Words and Images from the Mind of Adam Blatner

On Critical Thinking

Originally posted on March 8, 2013

I suspect that many people who went to college and got exposed a little to critical thinking have not as yet learned what a radical bunch of ideas it involves, and how it applies to almost everything:
  – what the relationships between men and women should be about
  – how to parent or educate kids
  – what religion should be and should not be
  – what is and is not unfair in the realm of economics and politics
  – what of history is not just a little but rather very much biased?
  – just maybe might there be a better way to organize our politics?
      – could it be true that we really do need to revise our nation’s Constitution?
  – ditto our systems of justice and crime and punishment
  – ditto our laws regarding race, religion, taxes, inheritance, minorities, homosexuality, and the list goes on
  – what obligations might we have towards those who are not that good with words, language? Could it be that lawyers get away with too much on technicalities?
  – how much of advertising and political campaigns appeal to the nonrational?
     – do people yet know about the way a word is used, which words, semantics, have power?
     – or about the existence of logical and historical fallacies and illusions?
  – in science, how to be misleading with statistics? What are the tricks pharmaceutical industries who advertise their “new” medicines use? Or other supposedly above-it-all scientific reports?
… and no doubt I’ve left out a bunch of items.  I welcome your emailing me and suggesting things.

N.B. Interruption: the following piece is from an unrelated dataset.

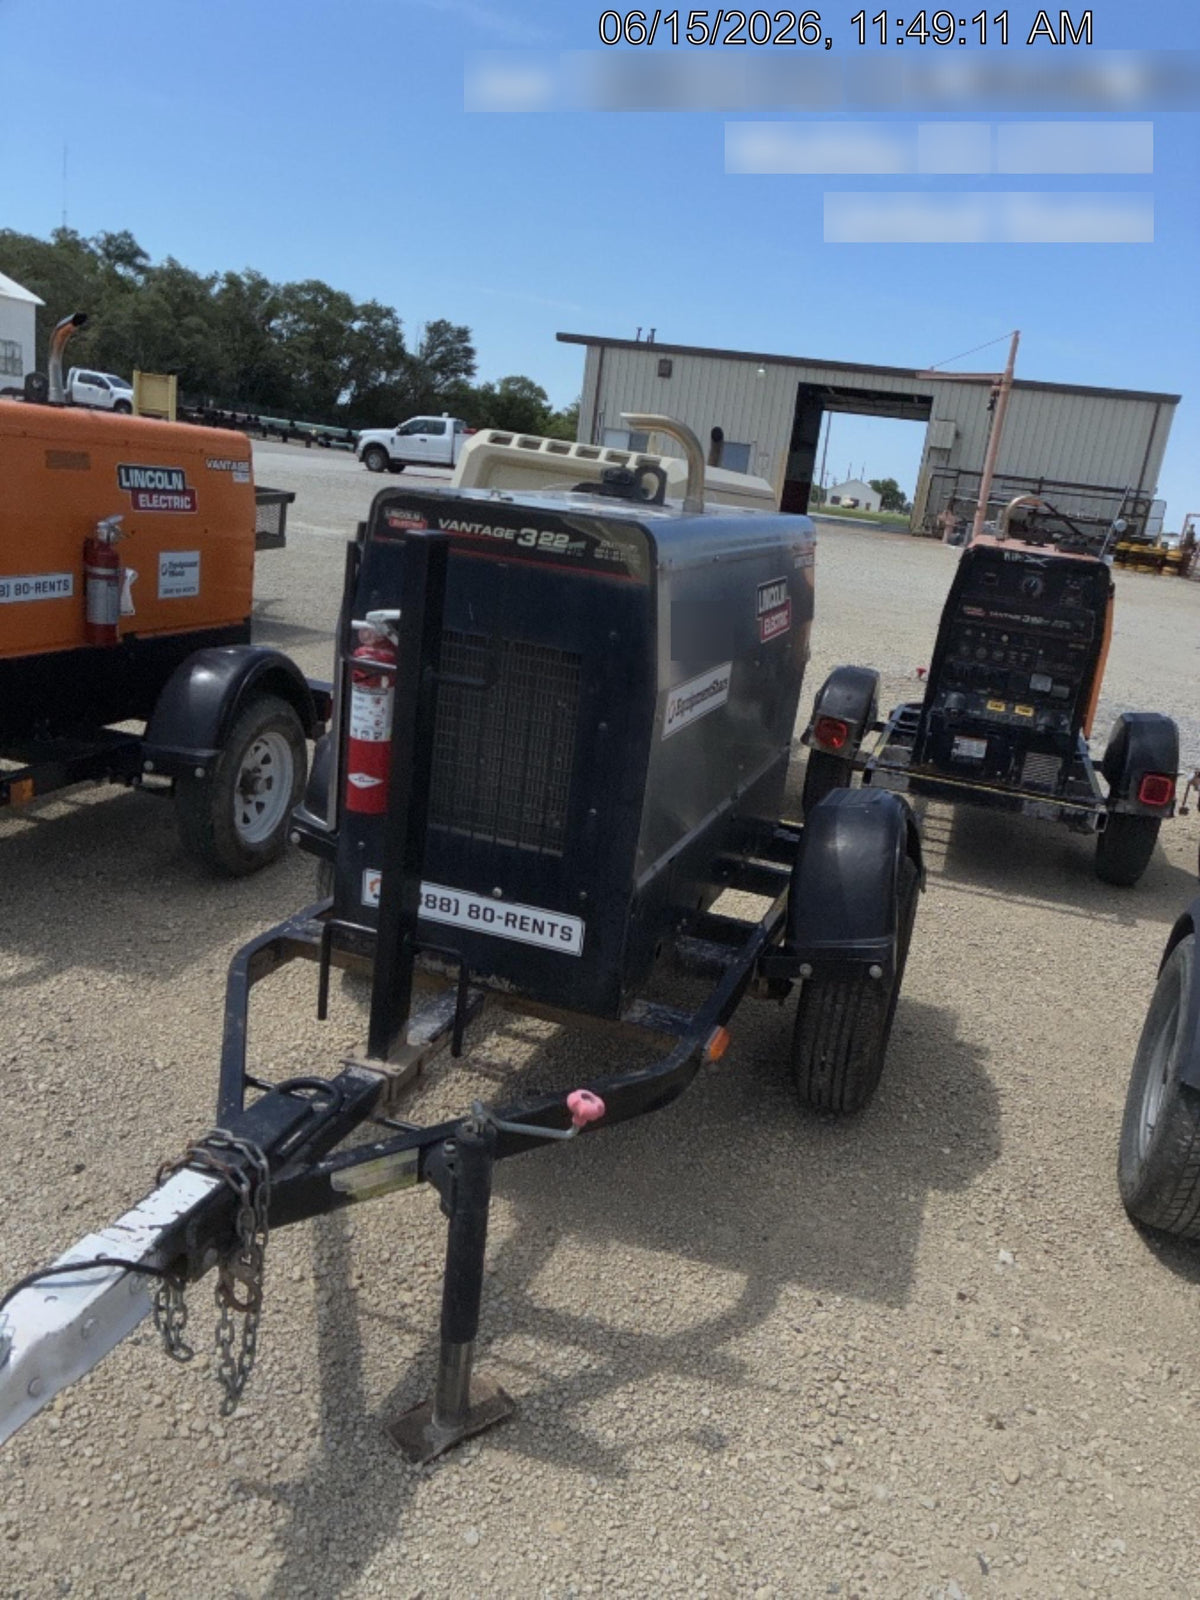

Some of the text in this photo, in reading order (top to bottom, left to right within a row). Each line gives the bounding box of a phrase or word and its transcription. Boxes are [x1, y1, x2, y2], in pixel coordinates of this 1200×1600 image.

The Place of Non-Rationality

Lest I be misinterpreted, let me note that in its proper place where it adds juice, myth, love, joy to the world, I value the nonrational greatly. I play with fantasy in the sections on this website called Foolin’ Around or Zordak’s Journal. I prize my playful wackiness and enjoy it in others. But in religion and politics and other places when folks are trying to argue about the way it “really” is, I shift gears into critical thinking. “But is it so?” is my motto then.